III. Conversation About Depression

CHRISTOPHER LYDON (CL): George, I’m one of those friends of yours who is fascinated by and also grateful for your disclosure of your own clinical notes, the doctors’ and professionals’ notes on your state of mind, depressed mostly, over the last 30–40 years, mainly because we all live in the neighborhood of depression, our own or somebody else’s. And talking about it does seem a constructive step. But I also wonder why you wanted to put these notes on the record, and how you read them, how you would read them as a kind of work of literature.
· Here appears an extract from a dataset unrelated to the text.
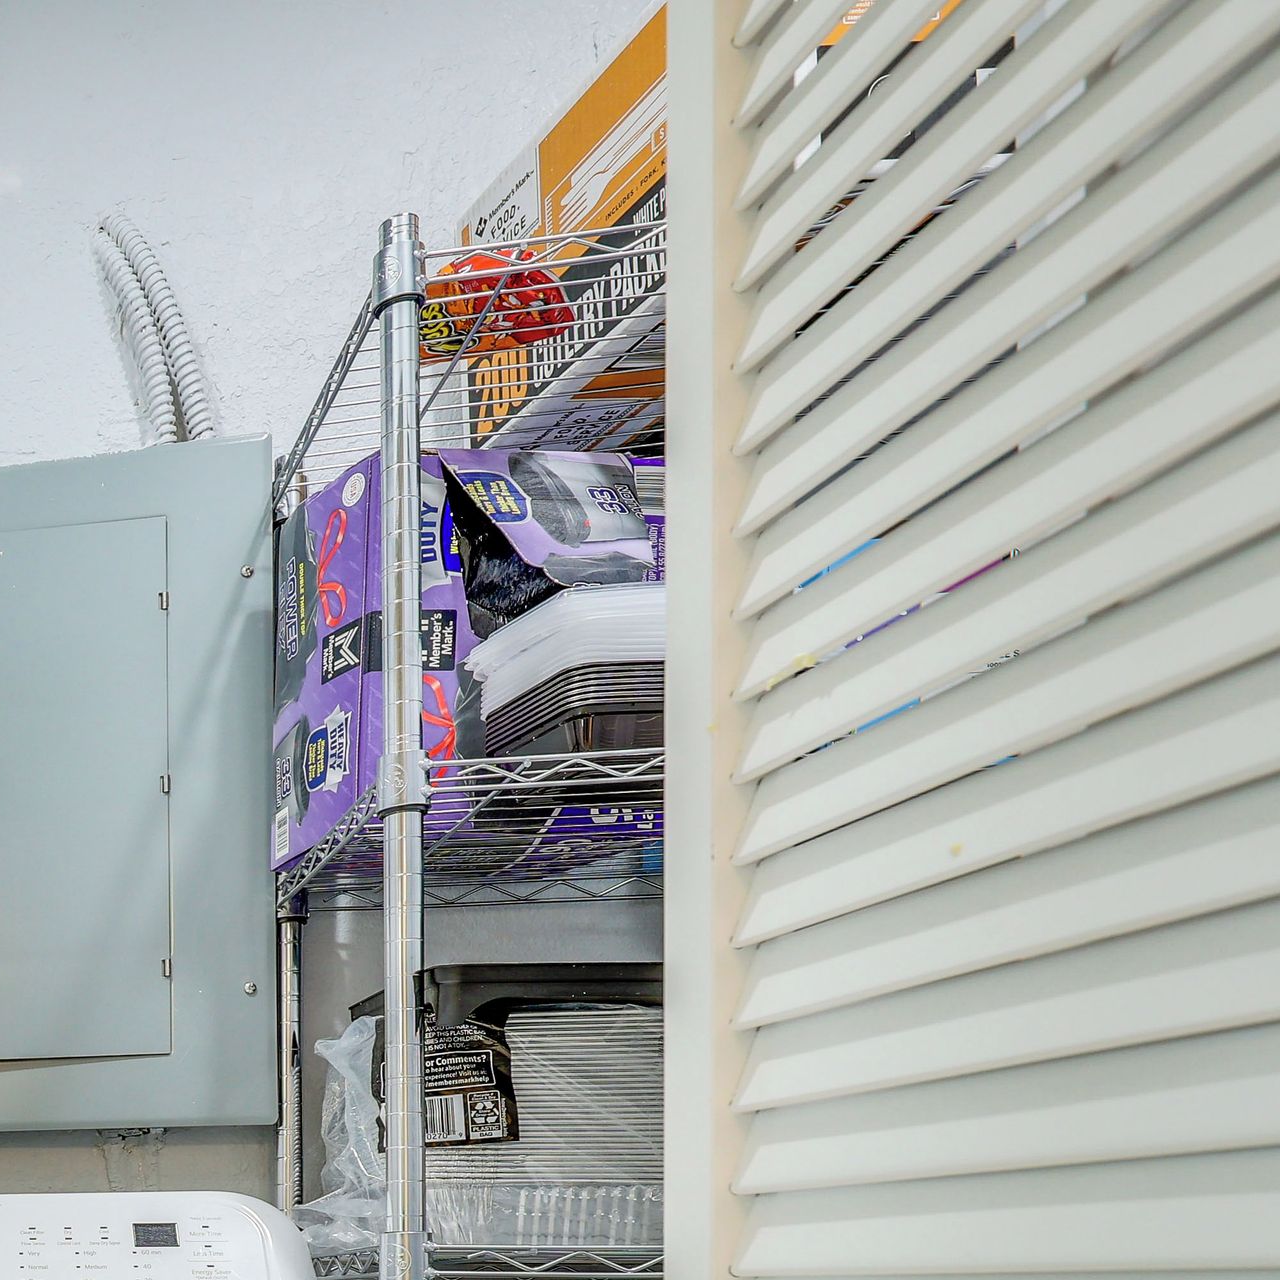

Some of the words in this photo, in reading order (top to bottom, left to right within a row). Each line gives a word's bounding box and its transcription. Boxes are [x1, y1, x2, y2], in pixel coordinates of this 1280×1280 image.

GEORGE SCIALABBA (GS): They’re very far from literature. And they’re hardly written or composed at all. They’re a very distinct form of writing. They’re almost a form of anti-writing. It so happens that my current therapist teaches a course in how to write treatment notes. As we talked about this project of mine, she mentioned that, over the course of her career, 30 or 40 years, the note-writing process has changed drastically. It used to be a freer form, more candid and unhitched, uninhibited. Over time, as medical liability has become more of a concern and as the whole society has become more litigious, doctors have become self-protective, understandably, in a way. They’ve shifted and limited the focus, not to express what may have struck them or puzzled them, not to set down something in their individual voice, just because that’s an aspect of being human and being in contact with humans, but rather simply to give future clinicians, and in particular, emergency-room clinicians, something to work with if a crisis happens. The notes have become much more narrowly defined in their purpose and more guarded.

CL: There’s too much diagnostic lingo-bingo. I mean “severe endogenous depression, super-imposed on a schizoid personality.” What did the man say? How did he look? What human connection was made? Not to mention, all this incredible list of pills you’ve taken over the years, yet nobody at the core of this record seems to know what’s working, if anything’s working. Is anything better than a placebo? It’s all a kind of fantasy. This is a story without a plot, without characters, without hope, in a way.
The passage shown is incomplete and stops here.